● Work to complete
Retype the records exactly, with nothing added or dropped.

● Data provided
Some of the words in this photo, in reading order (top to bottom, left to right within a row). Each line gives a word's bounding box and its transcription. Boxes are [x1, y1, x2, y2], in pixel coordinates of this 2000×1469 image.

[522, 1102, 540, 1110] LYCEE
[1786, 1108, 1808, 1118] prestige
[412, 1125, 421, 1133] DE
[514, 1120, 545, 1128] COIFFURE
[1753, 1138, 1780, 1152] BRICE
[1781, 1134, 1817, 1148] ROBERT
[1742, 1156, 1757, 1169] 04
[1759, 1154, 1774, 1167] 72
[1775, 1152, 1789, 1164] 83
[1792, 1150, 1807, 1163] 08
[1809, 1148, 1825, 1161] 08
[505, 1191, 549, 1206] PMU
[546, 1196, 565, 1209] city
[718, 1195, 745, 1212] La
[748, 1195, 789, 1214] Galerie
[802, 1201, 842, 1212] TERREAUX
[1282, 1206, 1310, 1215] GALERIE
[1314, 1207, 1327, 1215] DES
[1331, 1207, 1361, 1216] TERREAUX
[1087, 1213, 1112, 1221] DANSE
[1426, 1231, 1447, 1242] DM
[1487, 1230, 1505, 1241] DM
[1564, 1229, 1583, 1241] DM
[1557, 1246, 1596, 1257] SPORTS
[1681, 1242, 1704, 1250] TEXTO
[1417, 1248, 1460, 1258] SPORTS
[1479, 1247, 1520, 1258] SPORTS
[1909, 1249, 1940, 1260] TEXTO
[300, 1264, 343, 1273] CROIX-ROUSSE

● Solution to the exercise
Some of the words in this photo, in reading order (top to bottom, left to right within a row). Each line gives a word's bounding box and its transcription. Boxes are [x1, y1, x2, y2], in pixel coordinates of this 2000×1469 image.

[522, 1102, 540, 1110] LYCEE
[1786, 1108, 1808, 1118] prestige
[412, 1125, 421, 1133] DE
[514, 1120, 545, 1128] COIFFURE
[1753, 1138, 1780, 1152] BRICE
[1781, 1134, 1817, 1148] ROBERT
[1742, 1156, 1757, 1169] 04
[1759, 1154, 1774, 1167] 72
[1775, 1152, 1789, 1164] 83
[1792, 1150, 1807, 1163] 08
[1809, 1148, 1825, 1161] 08
[505, 1191, 549, 1206] PMU
[546, 1196, 565, 1209] city
[718, 1195, 745, 1212] La
[748, 1195, 789, 1214] Galerie
[802, 1201, 842, 1212] TERREAUX
[1282, 1206, 1310, 1215] GALERIE
[1314, 1207, 1327, 1215] DES
[1331, 1207, 1361, 1216] TERREAUX
[1087, 1213, 1112, 1221] DANSE
[1426, 1231, 1447, 1242] DM
[1487, 1230, 1505, 1241] DM
[1564, 1229, 1583, 1241] DM
[1557, 1246, 1596, 1257] SPORTS
[1681, 1242, 1704, 1250] TEXTO
[1417, 1248, 1460, 1258] SPORTS
[1479, 1247, 1520, 1258] SPORTS
[1909, 1249, 1940, 1260] TEXTO
[300, 1264, 343, 1273] CROIX-ROUSSE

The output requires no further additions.